What is literacy? This actually reminds me of a similar question with pretty much the same answers. “What is jazz?” The reason why these resemble so closely is because there are so many ways to answer these questions, while at the same time coming up empty. If we were to ask someone “what is literacy” say a quarter of a generation ago, we might get a specific answer like “reading and writing”, yet, there is no satisfaction with this answer. There is no overwhelming sense of understanding or jubilee from this. Is this person right? Yes, but they are also wrong on so many levels as literacy has the capacity to evolve and morph into new and unexpected pieces that not only question our own volition, but question what exists around us and how we contemplate our own understanding from these observations. Literacy is so many things while at the same time a simple statement like “reading and writing”.

At the beginning of the semester Szwed describe to us the main points of literacy which included the context of the literacy and the motivation for writing it. If we accept the truth that literacy is a tool for humanity to use to respond to the earths echo around us, then Szwed showed us the process of capturing that echo, breaking down its sounds and pitches, then splaying them on a page through the ears and eyes of another to then share with everyone.

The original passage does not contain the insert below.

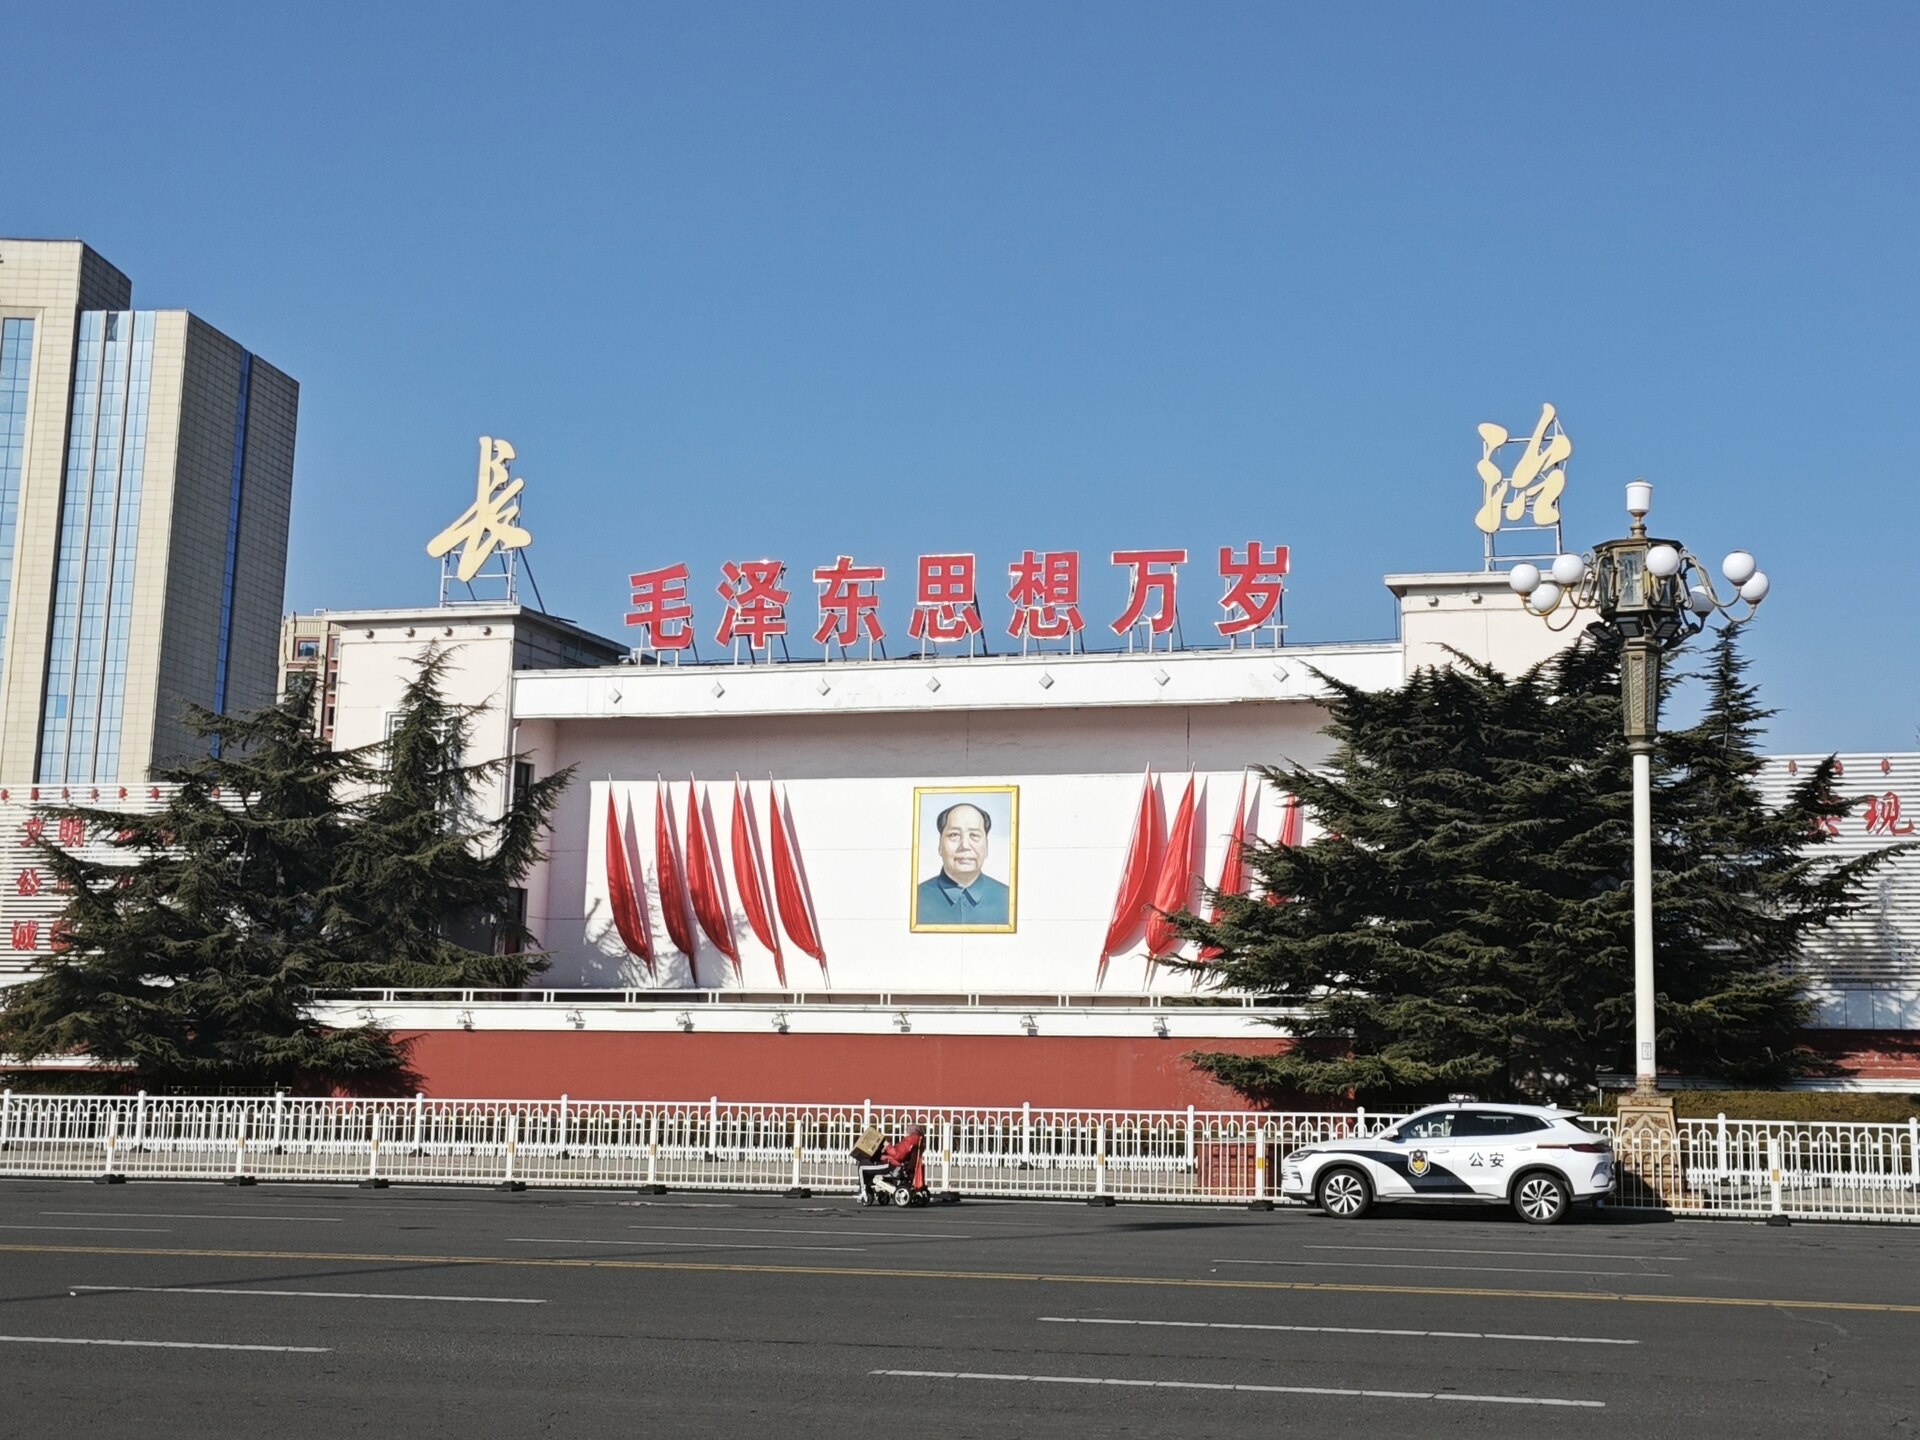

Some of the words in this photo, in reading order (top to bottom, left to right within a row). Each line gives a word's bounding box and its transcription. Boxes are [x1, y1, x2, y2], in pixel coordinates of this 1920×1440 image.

[625, 541, 1290, 650] 毛泽东思想万岁
[1469, 1152, 1505, 1168] 公安

Literacy is the practice of breaking down and responding as stated by Szwed, however, literacy also piles up as each generation remixes the previous’ earthy jazz with their own style and emotion. The tune changes and the previous generation breaks off complaining that their inheritors “don’t understand” or “aren’t trying as much” whereas between the notes and inclines of tune a new song is born and the echo resounds with a pitch and style unknown and ‘new’. Something Szwed does not mention.

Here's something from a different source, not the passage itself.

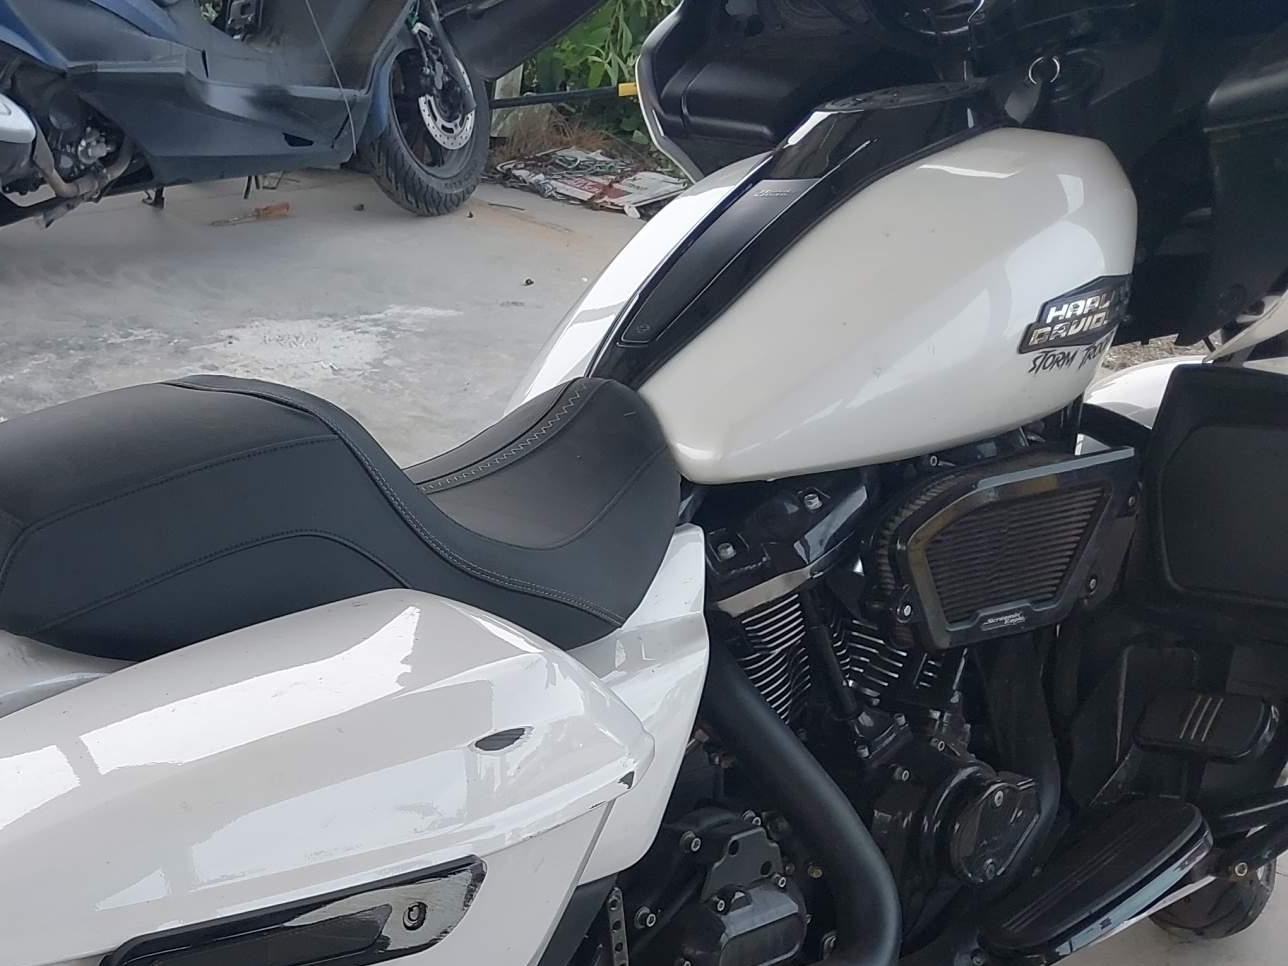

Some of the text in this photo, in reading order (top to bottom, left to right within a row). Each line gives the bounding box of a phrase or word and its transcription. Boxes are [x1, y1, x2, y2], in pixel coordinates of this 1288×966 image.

This new remix comes from the voice of Lawrence Lessig who described this new phenomenon as something that has always existed and, despite our generational views, is something inherently beautiful and should remain free as it is the one form of creative flow that helps the ‘new’ acquire a voice from which it can sing from its own tune. However, we must also include Brandt’s piece of “Sponsors of Literacy”, that shows us a world of the ‘new’ being regulated by those who have the clout and willingness to supply tools for literacy. Here we see that the ‘new’ could be restricted from others if they don’t have a computer, something we take for granted. We realize that even though the ‘new’ is a tune that should be shared with all who are willing to listen, this process is sponsored through pieces of technology and tools that are required as we enter a digital future. At the same time, this piece of ‘new’ tune can be lost in the pilling up of literacy as its buried under previous generations literacies and a constant flow that then ‘spreads out’ creating sections of literacy. In this process we see groups having their own languages and literacies creating mini-cultures that have their own remixes constantly fluctuating and building up. It’s a behemoth to take on all at once which is why we tune in on a specific note and join in on a specific groups constant remixing creating the ‘new’.

Ultimately, literacy is a constantly evolving entity that can’t be summarized in four words. It’s something that sways and ripples alongside creation. It’s the song on the radio, it’s the magazine under the bed, it’s the ghosts in the static, it’s the display on the screen, it’s the microphone on the stage, it’s the brass sax on its stand, and it’s the pen in the hand. All these tools and notes combining into one cacophony of notes and keys that adjust and alternate to create a specific tune as a response to the world around. Literacy is the creation of a ‘new’ tune, remixed or otherwise, exchanging notes and fluctuations with the echoes of past tunes and remixes to recreate again and again. Its constantly evolving and changing as a new voice or ear join the cacophony. Literacy builds up, spreads out, and remixes with each new note and voice.